Possibly, it would be interesting research.

I think the h-neurons idea kind of contradicts your earlier “don’t have conceptual understanding” point. What are concepts in this case? Maybe something like: an encapsulation of some idea and how it relates to other ideas. In that case, I’d say LLMs have conceptual understanding of many things (to some extent in some non-arbitrary way). They can be wrong, but people are often wrong, too.

Also some general follow up comments on h-neurons: I was actually surprised by the h-neuron thing, I thought more of hallucinations were baked into the model. Part of my reasoning for this is that figuring out what the truth is is hard. I remember wondering as a ~10 yo whether hobbits were real. I knew pygmies were real, so I figured hobbits could reasonably be real too. But elves aren’t real, and dwarves are kinda but different, and men are real.
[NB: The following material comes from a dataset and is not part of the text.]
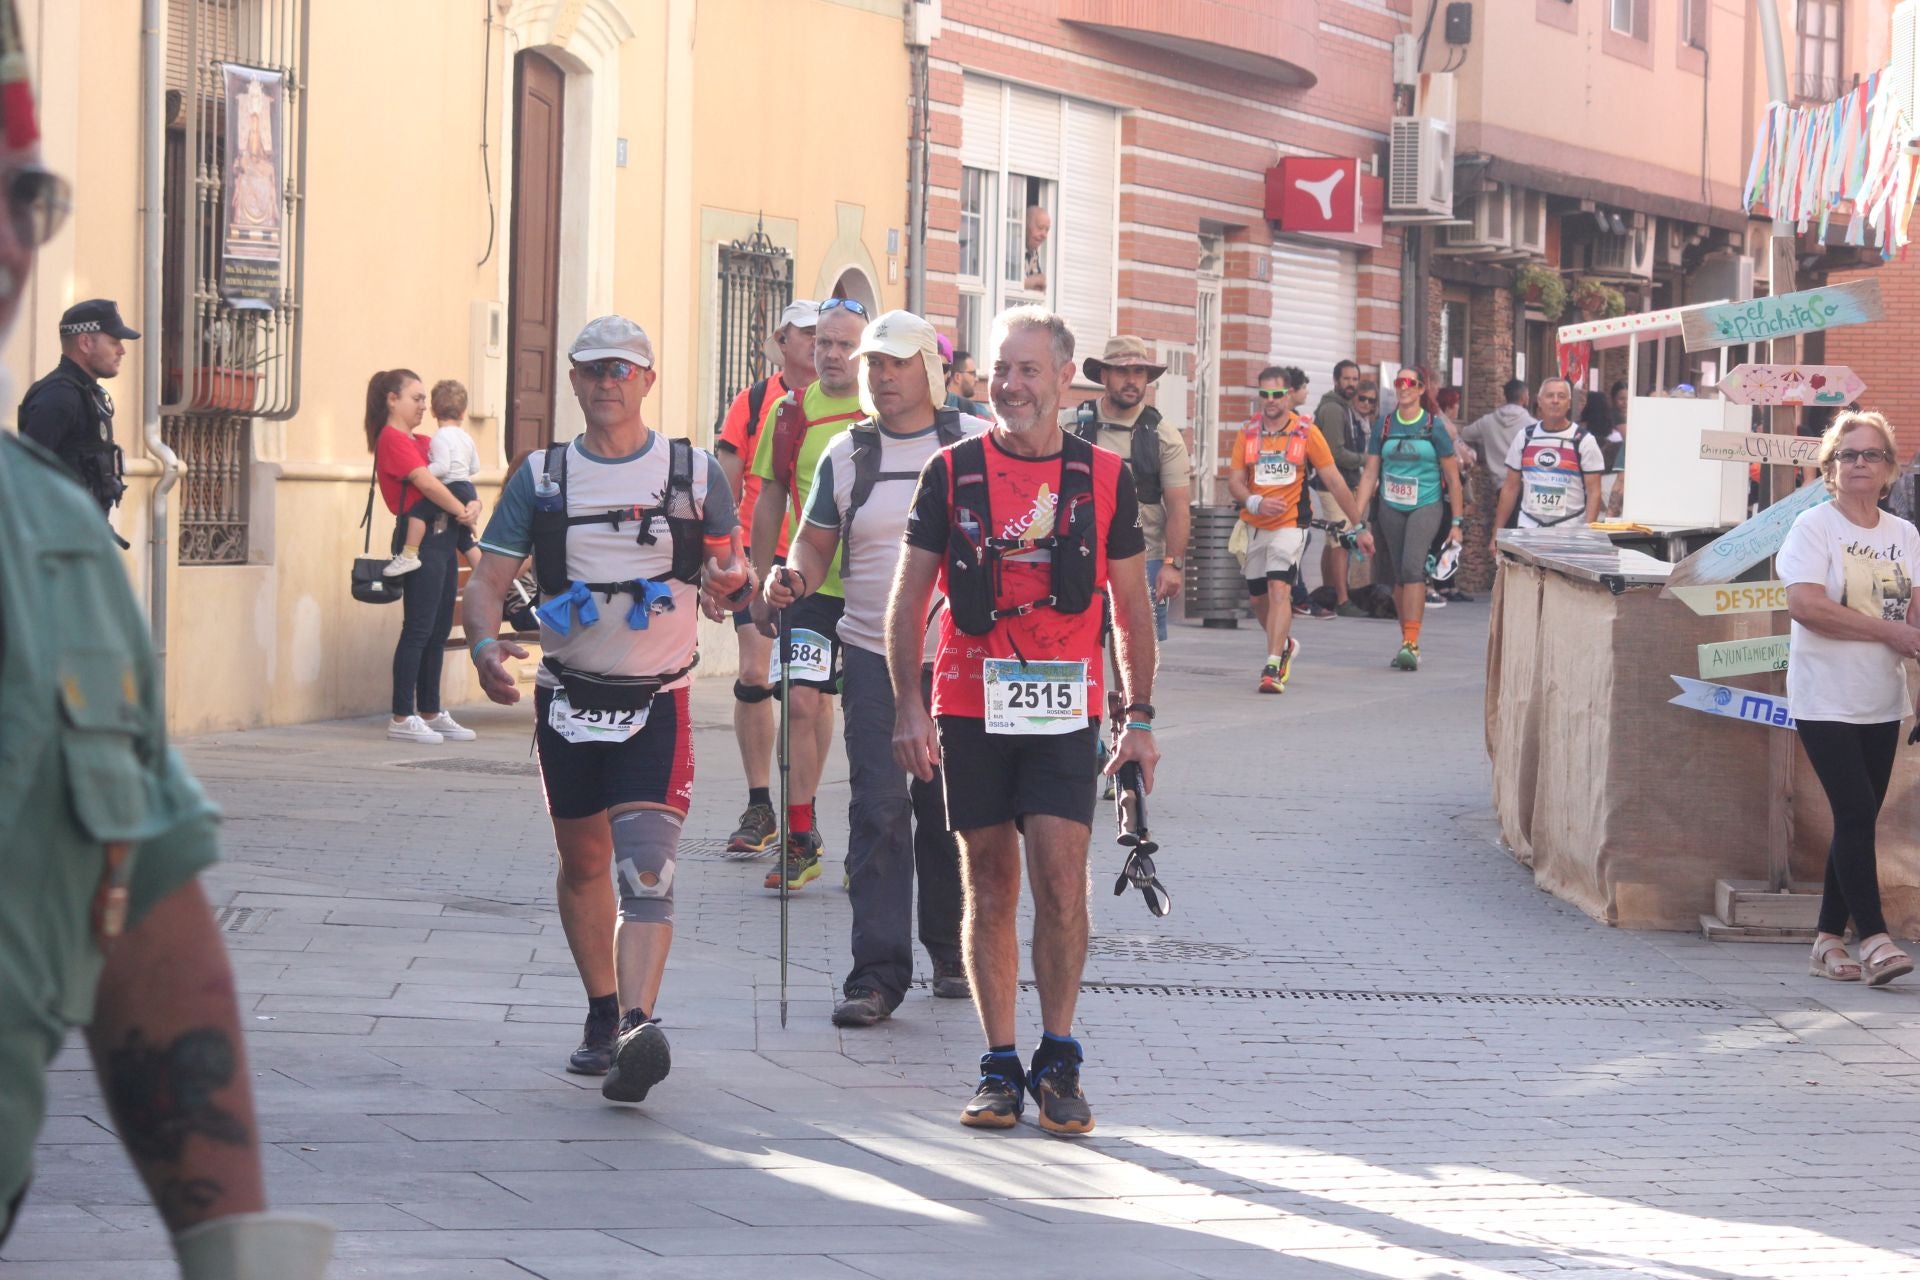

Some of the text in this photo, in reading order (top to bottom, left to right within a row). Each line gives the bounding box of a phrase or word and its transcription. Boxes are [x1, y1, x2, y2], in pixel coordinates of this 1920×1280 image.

So it’s not immediately obvious that hobbits are fiction, IMO. That’s a bit of a trivial example, but I think people make the same kind of mistake (but more subtle) all the time and can’t tell if something is real or not. In fact, I think that’s essential for intelligence because you need to be able to consider that maybe things you believe are false, and consider new ideas as true while thinking through them. So I’d expect LLMs to be confident and wrong when people are confident and wrong, even when all evidence necessary to refute the idea is present. It would be pretty significant if some new AI method could actively reason during training or something to be significantly more opinionated (such that it’s compatible with reality).

Max · March 5, 2026, 2:19am

Oh I meant to mention re h-neurons as well: although individual neurons were identified, most neurons are overloaded I think (meaning used for multiple things). There are way fewer neurons than parameters in models, so a 1T parameter model might have like ~100m neurons. I’m not sure that’s enough neurons to have like 1 concept per neuron or something.